Every entry must be given again exactly as it is written.

Dataset entries:
*** Begin section ***

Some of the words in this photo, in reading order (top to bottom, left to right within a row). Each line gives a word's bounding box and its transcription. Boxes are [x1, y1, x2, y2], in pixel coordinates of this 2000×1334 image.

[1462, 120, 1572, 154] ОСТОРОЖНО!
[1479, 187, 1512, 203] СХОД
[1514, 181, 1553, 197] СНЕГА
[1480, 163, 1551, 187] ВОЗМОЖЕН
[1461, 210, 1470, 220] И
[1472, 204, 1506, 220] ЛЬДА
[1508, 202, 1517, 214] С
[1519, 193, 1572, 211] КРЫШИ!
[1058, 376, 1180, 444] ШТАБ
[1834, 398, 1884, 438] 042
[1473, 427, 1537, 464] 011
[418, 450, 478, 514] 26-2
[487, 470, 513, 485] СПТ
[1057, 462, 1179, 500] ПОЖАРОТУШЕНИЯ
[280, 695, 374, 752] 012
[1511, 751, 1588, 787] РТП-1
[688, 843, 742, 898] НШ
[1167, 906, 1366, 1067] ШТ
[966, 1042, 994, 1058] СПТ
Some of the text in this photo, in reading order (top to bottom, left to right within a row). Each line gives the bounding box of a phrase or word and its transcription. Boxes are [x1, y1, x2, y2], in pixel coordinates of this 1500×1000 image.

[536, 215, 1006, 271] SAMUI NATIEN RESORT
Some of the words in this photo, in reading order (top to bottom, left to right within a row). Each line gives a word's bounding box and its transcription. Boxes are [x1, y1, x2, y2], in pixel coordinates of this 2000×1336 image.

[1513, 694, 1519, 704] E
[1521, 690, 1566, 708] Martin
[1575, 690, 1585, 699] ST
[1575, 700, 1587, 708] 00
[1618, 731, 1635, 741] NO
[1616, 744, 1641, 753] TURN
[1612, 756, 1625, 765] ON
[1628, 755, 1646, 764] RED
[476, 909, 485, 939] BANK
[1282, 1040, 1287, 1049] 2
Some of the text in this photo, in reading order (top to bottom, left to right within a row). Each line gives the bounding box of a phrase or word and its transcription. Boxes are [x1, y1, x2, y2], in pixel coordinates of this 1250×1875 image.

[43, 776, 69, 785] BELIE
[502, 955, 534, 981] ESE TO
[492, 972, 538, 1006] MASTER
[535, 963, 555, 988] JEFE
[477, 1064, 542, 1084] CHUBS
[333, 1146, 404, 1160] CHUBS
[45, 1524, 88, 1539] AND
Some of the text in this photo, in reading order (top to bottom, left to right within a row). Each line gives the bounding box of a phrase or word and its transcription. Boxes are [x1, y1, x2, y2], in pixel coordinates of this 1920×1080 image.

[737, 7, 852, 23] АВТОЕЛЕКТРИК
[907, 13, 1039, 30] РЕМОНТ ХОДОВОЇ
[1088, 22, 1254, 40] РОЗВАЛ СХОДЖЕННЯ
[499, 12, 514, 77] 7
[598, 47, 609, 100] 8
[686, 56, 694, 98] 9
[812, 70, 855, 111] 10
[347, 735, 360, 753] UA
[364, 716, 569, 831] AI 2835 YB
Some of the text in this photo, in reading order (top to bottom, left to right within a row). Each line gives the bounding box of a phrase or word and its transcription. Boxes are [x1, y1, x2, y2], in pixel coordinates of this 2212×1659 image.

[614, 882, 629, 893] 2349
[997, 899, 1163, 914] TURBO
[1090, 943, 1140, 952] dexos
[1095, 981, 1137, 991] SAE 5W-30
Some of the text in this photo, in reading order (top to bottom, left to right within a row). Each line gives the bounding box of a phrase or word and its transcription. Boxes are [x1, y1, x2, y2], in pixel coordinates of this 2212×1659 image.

*** End section ***

▶ **Answer section**
Some of the words in this photo, in reading order (top to bottom, left to right within a row). Each line gives a word's bounding box and its transcription. Boxes are [x1, y1, x2, y2], in pixel coordinates of this 2000×1334 image.

[1462, 120, 1572, 154] ОСТОРОЖНО!
[1479, 187, 1512, 203] СХОД
[1514, 181, 1553, 197] СНЕГА
[1480, 163, 1551, 187] ВОЗМОЖЕН
[1461, 210, 1470, 220] И
[1472, 204, 1506, 220] ЛЬДА
[1508, 202, 1517, 214] С
[1519, 193, 1572, 211] КРЫШИ!
[1058, 376, 1180, 444] ШТАБ
[1834, 398, 1884, 438] 042
[1473, 427, 1537, 464] 011
[418, 450, 478, 514] 26-2
[487, 470, 513, 485] СПТ
[1057, 462, 1179, 500] ПОЖАРОТУШЕНИЯ
[280, 695, 374, 752] 012
[1511, 751, 1588, 787] РТП-1
[688, 843, 742, 898] НШ
[1167, 906, 1366, 1067] ШТ
[966, 1042, 994, 1058] СПТ
Some of the text in this photo, in reading order (top to bottom, left to right within a row). Each line gives the bounding box of a phrase or word and its transcription. Boxes are [x1, y1, x2, y2], in pixel coordinates of this 1500×1000 image.

[536, 215, 1006, 271] SAMUI NATIEN RESORT
Some of the words in this photo, in reading order (top to bottom, left to right within a row). Each line gives a word's bounding box and its transcription. Boxes are [x1, y1, x2, y2], in pixel coordinates of this 2000×1336 image.

[1513, 694, 1519, 704] E
[1521, 690, 1566, 708] Martin
[1575, 690, 1585, 699] ST
[1575, 700, 1587, 708] 00
[1618, 731, 1635, 741] NO
[1616, 744, 1641, 753] TURN
[1612, 756, 1625, 765] ON
[1628, 755, 1646, 764] RED
[476, 909, 485, 939] BANK
[1282, 1040, 1287, 1049] 2
Some of the text in this photo, in reading order (top to bottom, left to right within a row). Each line gives the bounding box of a phrase or word and its transcription. Boxes are [x1, y1, x2, y2], in pixel coordinates of this 1250×1875 image.

[43, 776, 69, 785] BELIE
[502, 955, 534, 981] ESE TO
[492, 972, 538, 1006] MASTER
[535, 963, 555, 988] JEFE
[477, 1064, 542, 1084] CHUBS
[333, 1146, 404, 1160] CHUBS
[45, 1524, 88, 1539] AND
Some of the text in this photo, in reading order (top to bottom, left to right within a row). Each line gives the bounding box of a phrase or word and its transcription. Boxes are [x1, y1, x2, y2], in pixel coordinates of this 1920×1080 image.

[737, 7, 852, 23] АВТОЕЛЕКТРИК
[907, 13, 1039, 30] РЕМОНТ ХОДОВОЇ
[1088, 22, 1254, 40] РОЗВАЛ СХОДЖЕННЯ
[499, 12, 514, 77] 7
[598, 47, 609, 100] 8
[686, 56, 694, 98] 9
[812, 70, 855, 111] 10
[347, 735, 360, 753] UA
[364, 716, 569, 831] AI 2835 YB
Some of the text in this photo, in reading order (top to bottom, left to right within a row). Each line gives the bounding box of a phrase or word and its transcription. Boxes are [x1, y1, x2, y2], in pixel coordinates of this 2212×1659 image.

[614, 882, 629, 893] 2349
[997, 899, 1163, 914] TURBO
[1090, 943, 1140, 952] dexos
[1095, 981, 1137, 991] SAE 5W-30
Some of the text in this photo, in reading order (top to bottom, left to right within a row). Each line gives the bounding box of a phrase or word and its transcription. Boxes are [x1, y1, x2, y2], in pixel coordinates of this 2212×1659 image.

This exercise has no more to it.